Re: 即興三語小説−第92回− 誰がヴァレンティヌスを殺したの? ( No.1 ) |
- 日時: 2011/01/31 01:21
- 名前: みーたん ID:zoBajCSY
非日常のバレンタイン
薄暗く、カーテンによって日常から切り離された部屋に、白い、真新しい布団が、一つ敷かれていた。私は、何とかここから出ようと、必死になっており、布団とか、そこの内装には目もくれず、ありもしない日常への抜け道を探し回っていたが、急に布団が――、いや、そこに横たわっていた女性が、 「ここからは出られませんよ」と、すかさず「一緒にいてくださいな」とつぶやいた。 私は、そこで、初めて女性に目をやった。 肌が白く、髪が黒い。肩が、鎖骨が、衣服を着ていないのか、布団からちらりと見えている。 「おや、綺麗な顔じゃないか。しかし、出られないっていうのは何故だい?」 そうやって、彼女から、何らかの情報――たとえ、それが、現実では通用しない、科学的根拠のないことでも――を盗み出そうと、珍しく世辞を逝ってみたが、果たして答えはなかった。世辞はいけなかったか、とつぶやき、再び聞いてみたが、変わらず返答はない。 「死人に口なしってか?」と煽ってやり、顔を覗き込むと、彼女は目を閉じたまま微笑み、嬉々として、「勝手にしなされては困ります」といじけた。 私は不覚にも……、いや、このような状況だからこそ、彼女に見とれてしまった。

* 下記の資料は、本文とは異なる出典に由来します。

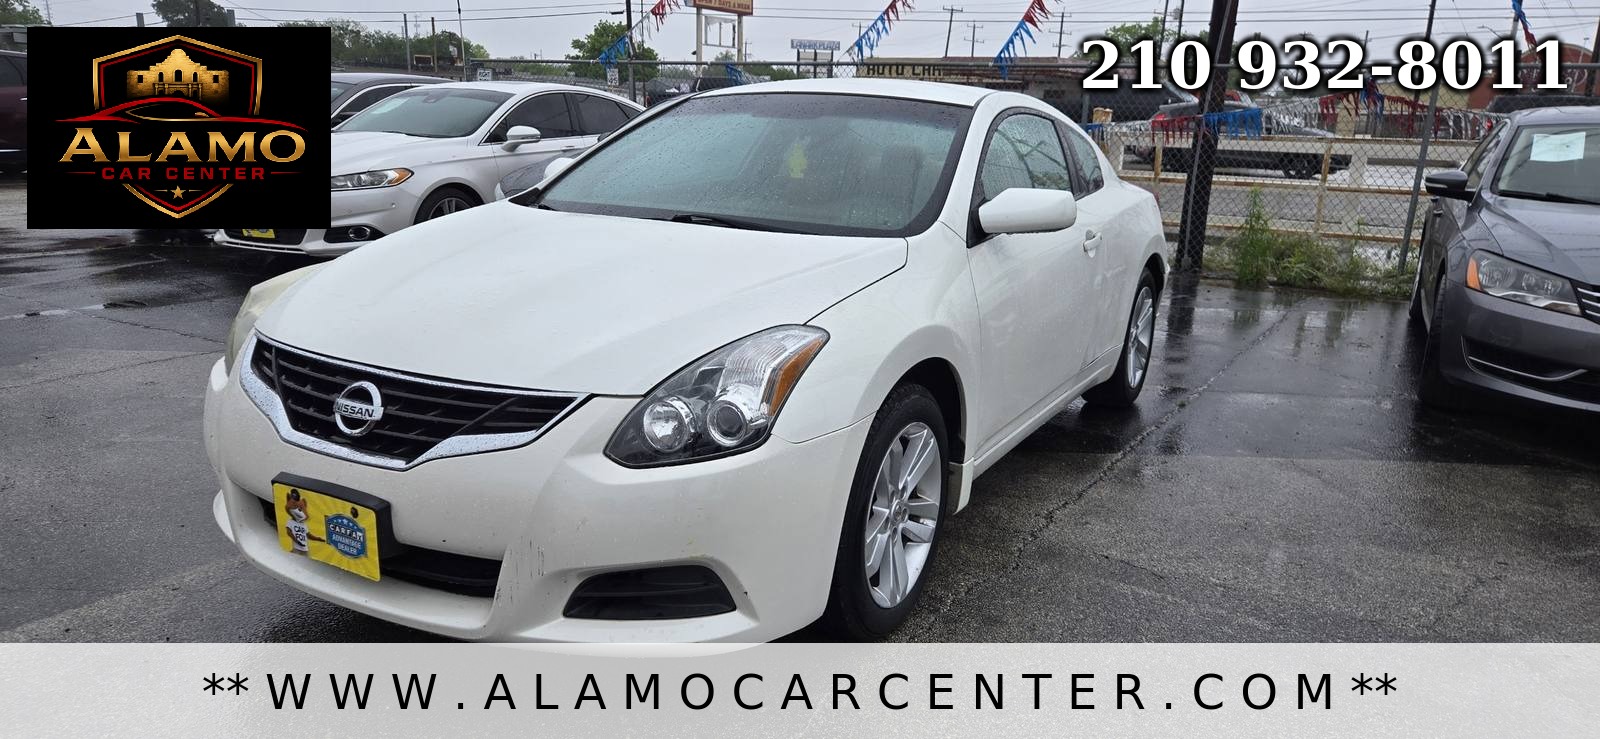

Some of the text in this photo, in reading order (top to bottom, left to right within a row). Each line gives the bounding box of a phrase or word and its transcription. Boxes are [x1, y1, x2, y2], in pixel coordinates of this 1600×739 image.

荒野に咲いた花の如く、ここにあることが奇跡の存在であった。 「一髪、二化粧、三衣装というが、君は、一だけで十分に美しいよ」 「お世辞がお上手で。……そういうあなたは眉目秀麗ですね」 「こりゃ参った」 そう言って天を仰ぐと、ふと、彼女が、もごもごと寝返りをうった。 「そうそう。あなたはなぜここに?」 寂しげな背中が、しかし暖かい声で聞いてきた。 「それがわかれば必死に出ようとしないと」 「それもそうですね。ごめんなさい」 「――それはそうと、君は? 何かあったのかい?」 「私もわからないのです。気づいたらこの布団のなかにいて……」 ふむ、それは困った。そう言おうとした途端、彼女は私を一瞥し、再び、話し出した。 「でも、その前のことは覚えているんです。雪の降る夜でした。隣には婚約を控えた彼氏がいて、二人で歩いていたんです。バレンタインデーだから、一緒に食事でも行こうって。それなのに、彼は殺されてっ……うっ、うっ……」 目の前には小刻みに揺れる肩と、背中。掛け布団にさらりと流れる黒い髪。悲痛な嗚咽。止まらない。血のバレンタイン。結婚前夜。誰が殺した? 誰ガ殺シタ? 頭が痛い。鐘が、大きくて私を震え上がらせる鐘が、がんがんと鳴り響いている。色んな単語が流れ、目まぐるしく輪廻する。 「…………っ」 「大丈夫、泣かないで――」 私はいつしか、布団を剥がし、彼女を抱擁していた。 彼女の、やわらかな髪が肩にかかる。吐息が、耳を擽る。
「あなたを好きなままで――」 「ありがとう――」
* * どういうこっちゃ。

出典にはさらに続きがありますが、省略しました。